= Beginning of Section =
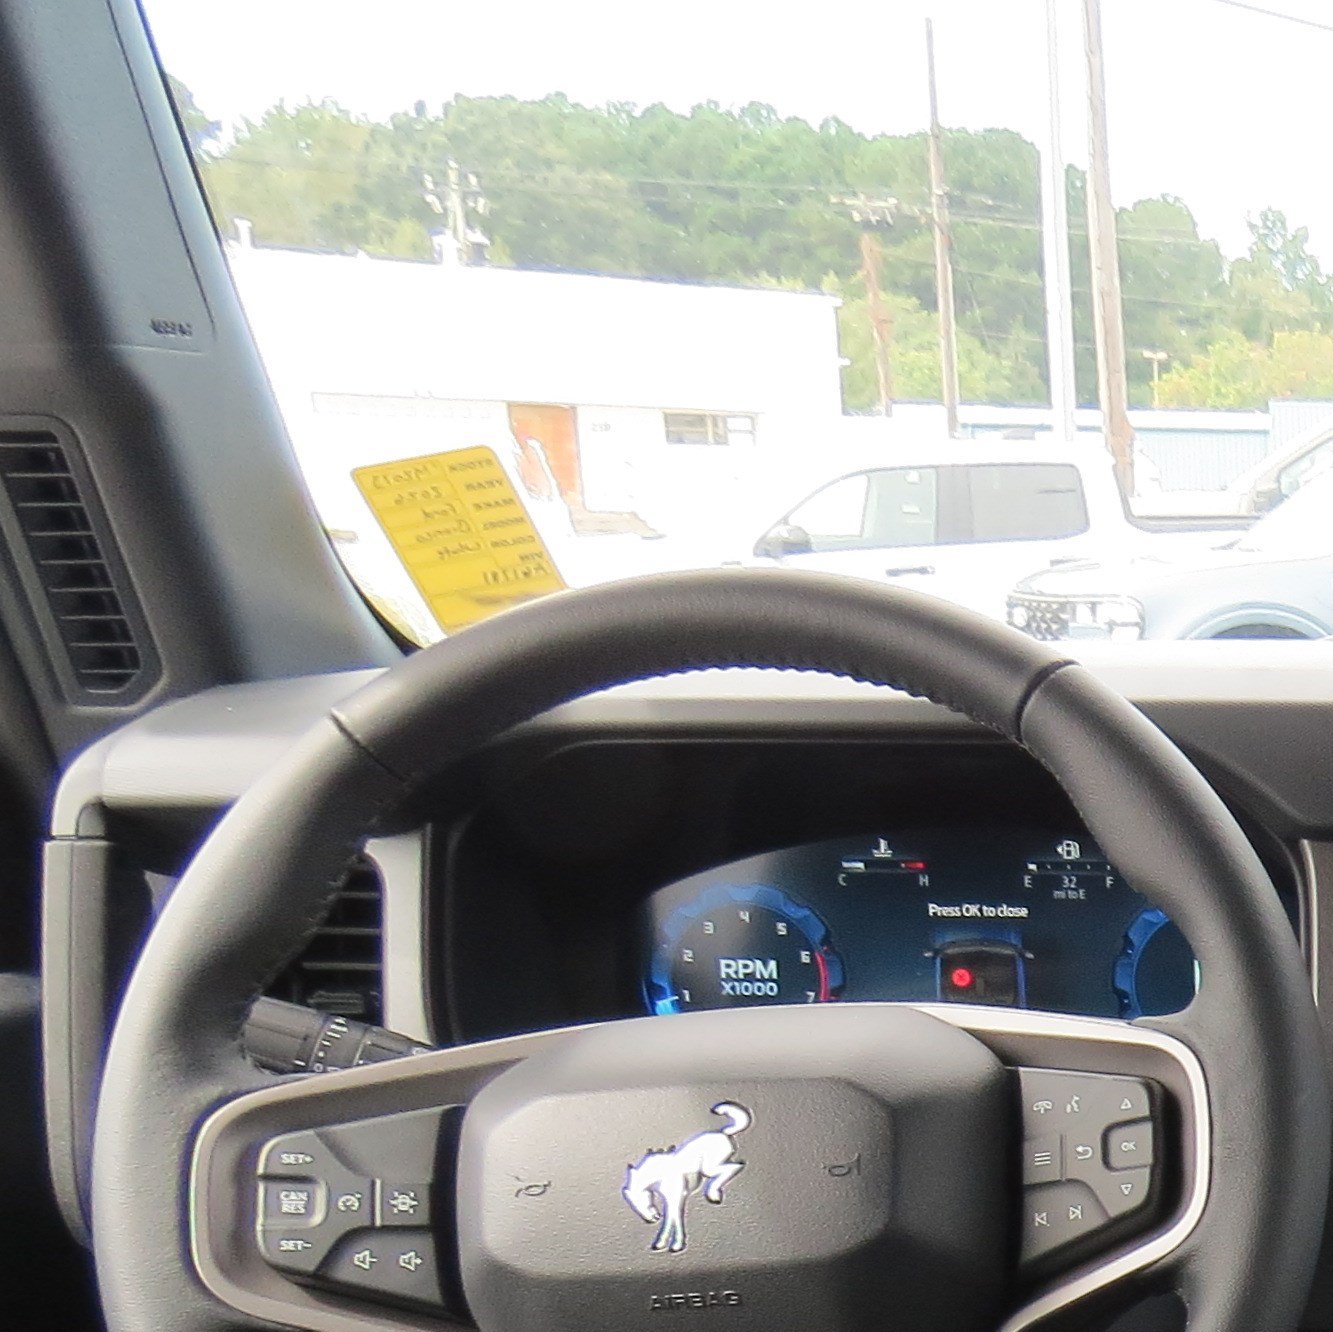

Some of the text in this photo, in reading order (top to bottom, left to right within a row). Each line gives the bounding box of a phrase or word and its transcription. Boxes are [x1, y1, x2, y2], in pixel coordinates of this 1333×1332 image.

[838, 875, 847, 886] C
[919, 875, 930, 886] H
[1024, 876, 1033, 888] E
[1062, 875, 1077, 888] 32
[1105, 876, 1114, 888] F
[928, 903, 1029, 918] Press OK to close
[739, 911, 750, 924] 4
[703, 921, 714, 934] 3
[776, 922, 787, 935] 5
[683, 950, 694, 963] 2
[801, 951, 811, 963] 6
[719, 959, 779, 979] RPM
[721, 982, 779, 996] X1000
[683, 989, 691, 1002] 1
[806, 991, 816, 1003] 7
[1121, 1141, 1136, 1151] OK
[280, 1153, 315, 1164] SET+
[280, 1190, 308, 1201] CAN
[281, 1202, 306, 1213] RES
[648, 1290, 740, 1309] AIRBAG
= End of Section =
EXERCISE PROMPT
Your reply should hold only the records, duplicated exactly, without any image.

SOLUTION BELOW
Some of the text in this photo, in reading order (top to bottom, left to right within a row). Each line gives the bounding box of a phrase or word and its transcription. Boxes are [x1, y1, x2, y2], in pixel coordinates of this 1333×1332 image.

[838, 875, 847, 886] C
[919, 875, 930, 886] H
[1024, 876, 1033, 888] E
[1062, 875, 1077, 888] 32
[1105, 876, 1114, 888] F
[928, 903, 1029, 918] Press OK to close
[739, 911, 750, 924] 4
[703, 921, 714, 934] 3
[776, 922, 787, 935] 5
[683, 950, 694, 963] 2
[801, 951, 811, 963] 6
[719, 959, 779, 979] RPM
[721, 982, 779, 996] X1000
[683, 989, 691, 1002] 1
[806, 991, 816, 1003] 7
[1121, 1141, 1136, 1151] OK
[280, 1153, 315, 1164] SET+
[280, 1190, 308, 1201] CAN
[281, 1202, 306, 1213] RES
[648, 1290, 740, 1309] AIRBAG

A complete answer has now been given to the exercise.